Just the other day, Vertex announced that it had to implement a temporary pause for the evaluation of VX-522 for the treatment of patients with cystic fibrosis (CF). This particular therapy was a nebulized version of CFTR mRNA therapy in order to allow patients to generate functional CFTR proteins necessary to reduce disease.
A particular problem with cystic fibrosis is that there is a mutation of the CFTR gene, which encodes CFTR proteins necessary to regulate salt and water moving in and out of cells in the lungs. Without proper proteins, patients are unable to clear substances from the lungs. In essence, there is a buildup of sticky mucus that causes a host of issues for them.
The temporary pause came about for the ongoing multiple ascending dose (MAD) portion of the phase 1/2 study using VX-522 to treat CF patients. Not much has been said about the pause other than the fact that there is a need to look into a tolerability issue that came about. If anything positive is to be gleaned from this note by Vertex, it is that at least the trial wasn’t outright discontinued due to a major serious adverse event (SAE).
Hopefully, the study can get back on track, but the temporary pause for now is not ideal. Vertex already has several drugs approved to treat CF patients with a specific mutation type. The goal of VX-522 as an inhaled messenger RNA (mRNA) therapy was to go after approximately 5,000 patients who don’t benefit from currently approved CFTR modulators.
Basically, this therapy was being developed to treat CF patients regardless of mutation type. The company didn’t develop this candidate itself because it actually tapped a collaboration agreement with Moderna back in 2016 to develop such efforts. However, in 2020, both companies entered into a second collaboration agreement in order to develop lipid nanoparticles (LNPs) and mRNAs to deliver functioning CFTR proteins into the lungs.
Moderna received a $75 million payment because of this deal and would also be eligible to earn development, regulatory, and commercial milestone payments as well. Plus, royalties for net product revenues generated from any products to be sold. Even if the pause is ultimately lifted, VX-522 as an inhaled mRNA therapy isn’t the only game in town. There is the expected release of data using inhaled mRNA therapies to treat CF patients from both Arcturus Therapeutics and ReCode Therapeutics during this quarter.
Cystic fibrosis is a lung disorder whereby a person has a mutation of the CFTR gene. When this mutation is functioning properly, the mucus in the lungs and airways is thin and fluid, making it easy for the person to breathe. In essence, the CFTR gene allows formation of a CFTR chloride channel that allows chloride and other molecules to flow freely in and out of cells. When there is a mutation of this gene, this free flow of molecules doesn’t happen as intended, and this leaves the patient with a sticky mucus that is dangerous and blocks the airway. Speaking of dangerous, the thick mucus developed leads to infections for these patients and could eventually lead to death.

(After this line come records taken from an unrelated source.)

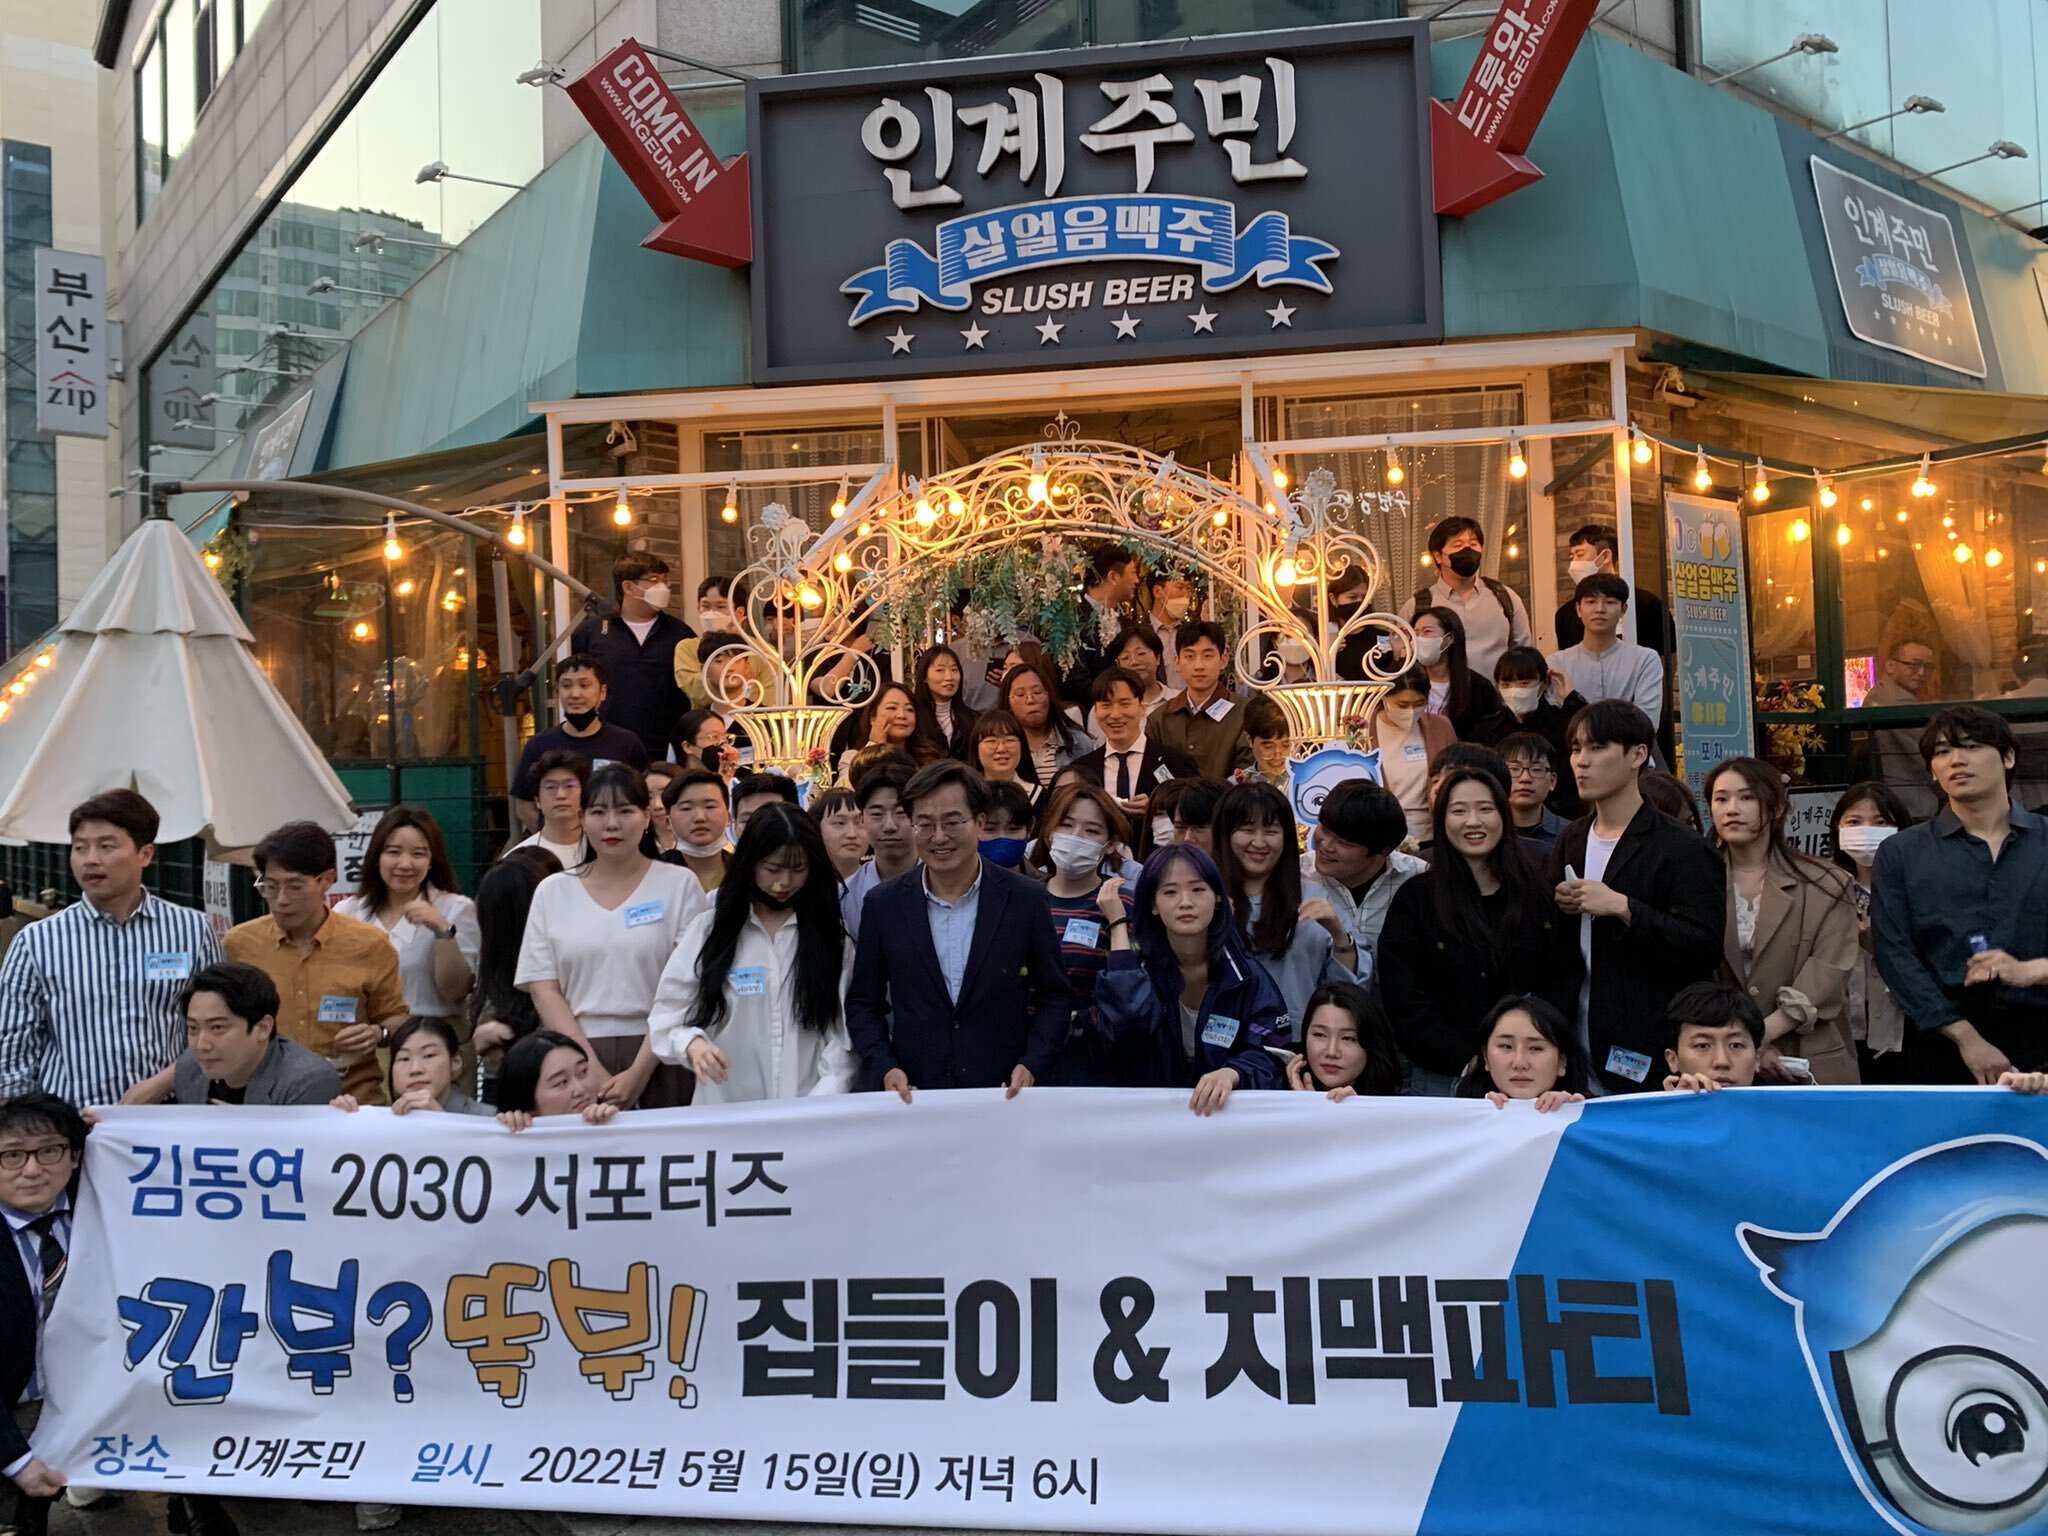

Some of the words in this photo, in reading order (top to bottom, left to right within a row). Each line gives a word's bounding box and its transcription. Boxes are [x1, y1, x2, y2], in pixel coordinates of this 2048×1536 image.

[613, 54, 691, 154] COME
[679, 148, 718, 193] IN
[861, 57, 1308, 209] 인계주민
[960, 205, 1215, 269] 살얼음맥주
[1844, 195, 1939, 272] 인계주민
[981, 280, 1094, 315] SLUSH
[1103, 273, 1196, 307] BEER
[1878, 257, 1929, 291] 살얼음맥주
[47, 268, 93, 354] 부산
[1881, 293, 1914, 318] SLUSH
[1915, 306, 1940, 328] BEER
[47, 381, 96, 415] zip
[1675, 560, 1738, 604] 살얼음맥주
[1686, 604, 1708, 620] SLUSH
[1710, 606, 1728, 622] BEER
[1683, 666, 1735, 704] 인계주민
[128, 1144, 307, 1222] 김동연
[331, 1152, 493, 1224] 2030
[515, 1150, 793, 1230] 서포터즈
[116, 1249, 433, 1407] 깐부?
[444, 1257, 708, 1409] 똑부!
[737, 1276, 1058, 1403] 집들이
[1093, 1276, 1171, 1405] &
[1205, 1274, 1691, 1416] 치맥파티
[207, 1436, 366, 1481] 인계주민
[519, 1446, 667, 1490] 2022년
[677, 1448, 746, 1493] 5월
[760, 1451, 921, 1500] 15일(일)
[935, 1454, 1015, 1503] 저녁
[1031, 1457, 1099, 1506] 6시

CFTR modulators approved now work, but they are developed to help create CFTR proteins for those with specific gene mutations. The goal of VX-522 was to allow the uptake of mRNA CFTR in lung cells. Once inside, they are to develop functional CFTR proteins, which in turn leads to the formation of functional CFTR chloride channels. However, this mRNA therapeutic was designed to help the vast amount of patients regardless of the CF mutation type they have. If this program goes toward completion, then the company could actually target approximately 5,000 of these patients who don’t benefit from the current standard of care (SOC) CFTR modulators that have been approved by regulators.